Artiste pluri-disciplinaire et éternel adepte du Do it Yourself, F. J. Ossang est cinéaste, poète, musicien et écrivain depuis plus de quarante ans, ne suivant que ses propres codes et son esthétique entre poésie beat, expressionnisme allemand et punk rock. Malgré l’étendue de ses talents, c’est au F. J. Ossang musicien auquel nous allons nous intéresser aujourd’hui.

Frederic Jacques Ossang naît en 1956 dans le Cantal avant de vivre à Toulouse dans les années 70. Il commence alors à écrire ses premiers poèmes tout en fondant une revue littéraire publiant des textes de poètes comme William Burroughs ou Claude Pelieu. F. J. Ossang se passionne également pour le cinéma, plus précisément les films expressionnistes allemands ou le cinéma muet russe.

A la vingtaine, il est pris de plein fouet par le mouvement punk: la découverte des Sex Pistols et des Clash lui ouvre de nouvelles perspectives, il se lance dans la musique. A noter que Joe Strummer fera une apparition plus tard dans un de ses films, Docteur Chance en 1997.

FJ Ossang forme son premier groupe, DDP (De la Destruction Pure), puis MKB Fraction Provisoire en 1980, avec à la guitare Jack Belsen, Mr. Nasti à la batterie et Gina Lola Benzina aux claviers.

Un EP sous forme de manifeste, MKB Provenance France, sort en 1981 sur Cééditions Tracks, le label d’Ossang. Ce manifeste sur disque contient notamment European Death Winners, un titre qu’on retrouve sur leur premier album, Terminal Toxique en 1982. Les présentations se font sur un post-punk tonitruant et brut aux guitares acérées avec Ossang scandant ses textes, criant haut et fort:

Nous sommes les Messageros Killer Boys, messagers qui tuent. No message. Le message, c’est le médium”. 

F. J. Ossang et son commando punk poétique-industriel remettent le couvert avec un deuxième album aux côtés des punks parisiens arty de Lucrate Milk en 1983. Loin d’une association de malfaiteurs ou d’une quelconque alliance, le disque est en fait un album partagé: Lucrate Milk est sur la face A tandis que MKB est sur la face B. Colocation sur un même LP entre le punk dada free-jazz et le post-punk industriel et sauvage. Des membres de Lucrate Milk jouent par ailleurs dans le premier long-métrage d’Ossang, L’affaire des divisions Morituri, son film de fin d’études à l’IDHEC sorti en 1985.

Les deux groupes contribuent à la musique du film dans lequel on retrouve aussi des titres de Tuxedomoon et de Cabaret Voltaire, fortes influences de MKB.

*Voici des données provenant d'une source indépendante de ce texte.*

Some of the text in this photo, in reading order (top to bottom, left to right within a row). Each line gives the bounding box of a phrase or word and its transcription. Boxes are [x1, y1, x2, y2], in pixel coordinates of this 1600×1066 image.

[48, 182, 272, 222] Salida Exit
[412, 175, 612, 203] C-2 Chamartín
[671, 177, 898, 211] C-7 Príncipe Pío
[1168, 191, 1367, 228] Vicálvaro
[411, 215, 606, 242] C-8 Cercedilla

MKB Fraction Provisoire se rebaptise Messageros Killer Boys et publie un troisième album, Hôtel du Labrador en 1988. Le disque est excellent, en particulier le morceau titre, tout comme Rouge orange incendie ou Loi des fantômes. Le style d’Ossang, qu’il décrit si justement comme du “Noise n’roll” fait ici des ravages. Chez F. J. Ossang, la poésie n’est jamais chiante ni prétentieuse, jamais surfaite. Pas de pose ni de manières: on n’est pas chez Patti Smith.

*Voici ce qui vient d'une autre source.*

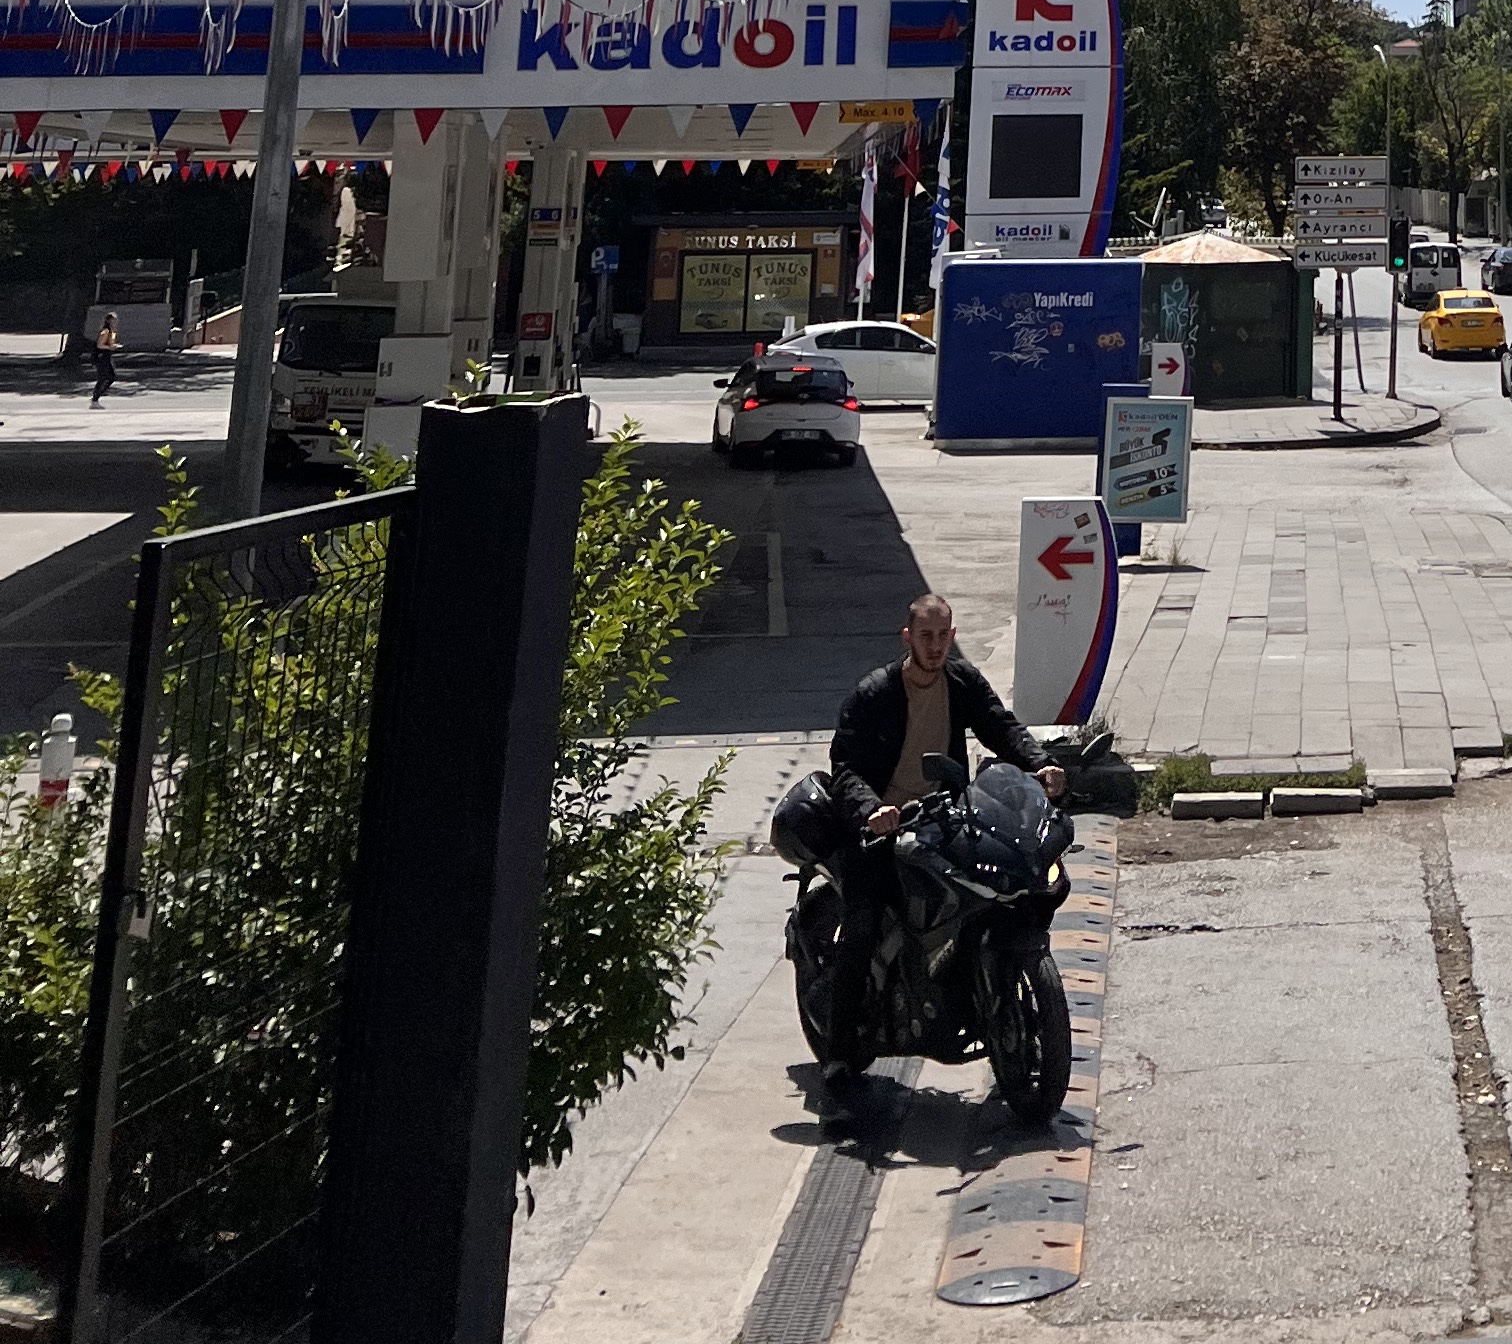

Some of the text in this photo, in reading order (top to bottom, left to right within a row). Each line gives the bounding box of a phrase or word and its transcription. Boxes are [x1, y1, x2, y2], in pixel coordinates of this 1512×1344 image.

[517, 5, 857, 71] kadoil
[989, 31, 1096, 51] kadoil
[1313, 165, 1366, 177] Kızılay
[995, 224, 1052, 236] kadoil
[1312, 223, 1372, 235] Ayrancı
[685, 232, 797, 249] TUNUS TAKSİ
[1314, 250, 1377, 263] Küçükesat
[687, 262, 743, 279] TUNUS
[753, 262, 808, 279] TUNUS
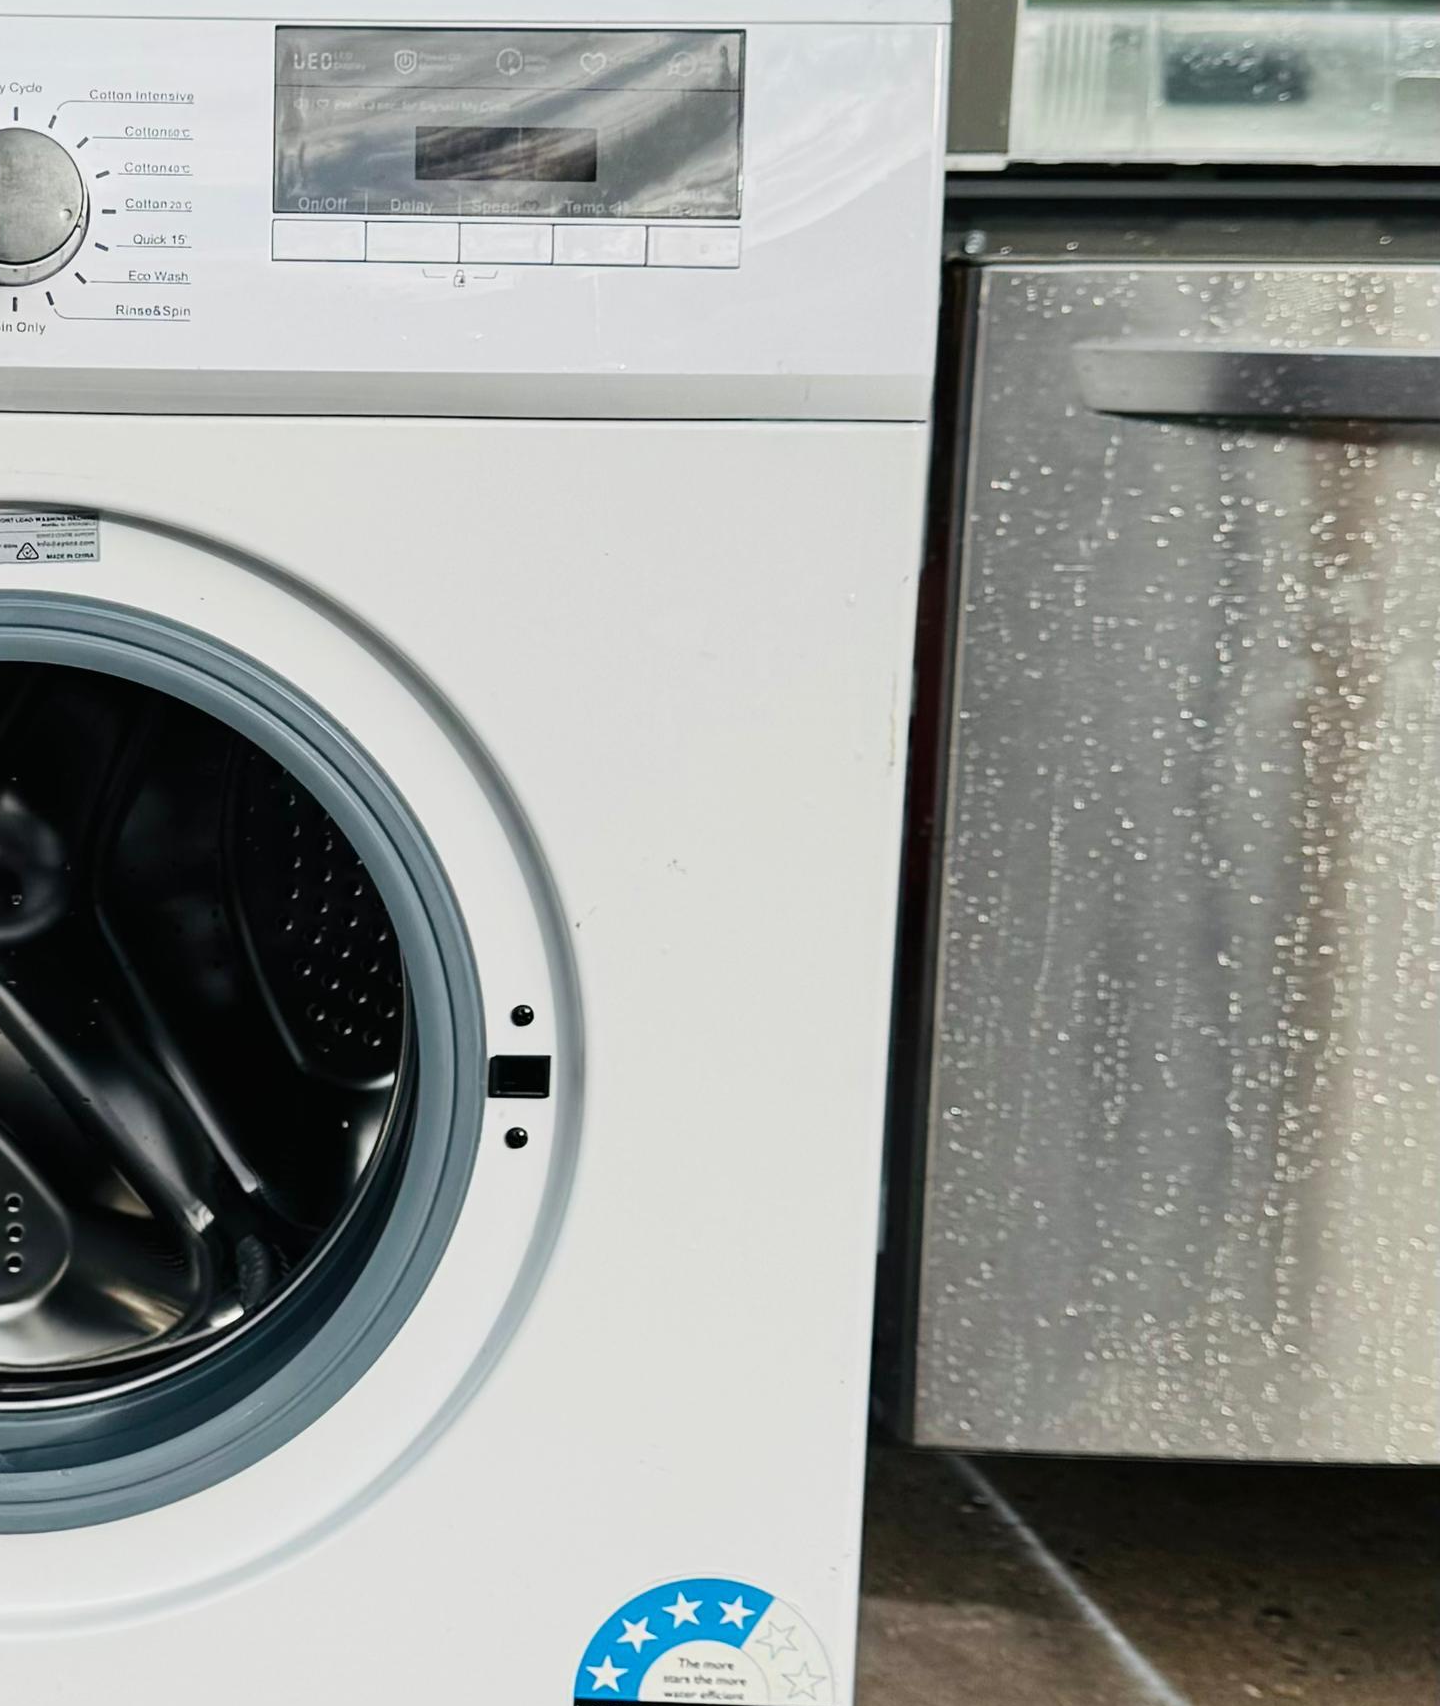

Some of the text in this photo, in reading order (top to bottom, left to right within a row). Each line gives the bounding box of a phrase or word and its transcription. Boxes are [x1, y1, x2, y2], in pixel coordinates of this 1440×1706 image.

[9, 81, 43, 95] Cycle
[89, 89, 194, 102] Cotton Intensive
[298, 196, 348, 211] On/Off
[390, 198, 434, 213] Delay
[133, 233, 167, 245] Quick
[128, 270, 189, 282] Eco Wash
[16, 321, 47, 336] Only
[678, 1657, 734, 1671] The more
[694, 1673, 713, 1685] the
[716, 1677, 747, 1687] more

L’EP suivant, Le chant des hyènes est dans la même veine avec L’été difficile et le titre éponyme, un post-punk minimal presque dansant, que l’on retrouve dans la bande originale de son film Le trésor des Îles Chiennes de 1990.

Entre les deux films paraît l’album Feu! en 1993 avec les services du trompettiste Jac Berrocal, le guitariste Little Drake (collaborateur régulier d’Ossang) et au mixage, Eric Debris de Metal Urbain. Un opus très réussi, plus tendu aux sonorités davantage tournées vers l’électronique. La trompette ajoute un côté film noir à ses textes évoquant sa jeunesse entre Toulouse et Paris, avec des références aux Sex Pistols et à Iggy Pop.

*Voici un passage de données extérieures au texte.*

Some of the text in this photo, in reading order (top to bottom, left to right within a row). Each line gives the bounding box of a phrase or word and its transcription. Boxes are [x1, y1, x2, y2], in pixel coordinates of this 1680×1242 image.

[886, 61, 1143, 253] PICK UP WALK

Viennent ensuite une compilation, Frenchies, Bad Indians, White Trash puis un live (MKB Live) et la bande originale de son film Docteur Chance avant que F. J. Ossang ne mette en suspens indéfiniment les Messageros Killer Boys.

Ossang revient brièvement à la musique avec son batteur Mr. Nasti pour l’EP Baader Meinhof Wagen en 2007. C’est plus rock, sauf pour le morceau titre qui renoue avec l’industriel mais c’est tout aussi bon. Et bien sûr, personne n’en parle.

Se consacrant au cinéma et à la littérature, F. J. Ossang a depuis délaissé la musique, à notre regret, ou du moins à mon regret. Les albums des Messageros Killer Boys ont été réédités par de petits labels spécialisés dans l’exhumation de pépites de l’underground français, de même que pour les bandes originales de ses films.

Des rééditions confidentielles d’albums qui le sont tout autant, provenant d’un éternel marginal du paysage culturel français, qui mériterait bien plus de reconnaissance.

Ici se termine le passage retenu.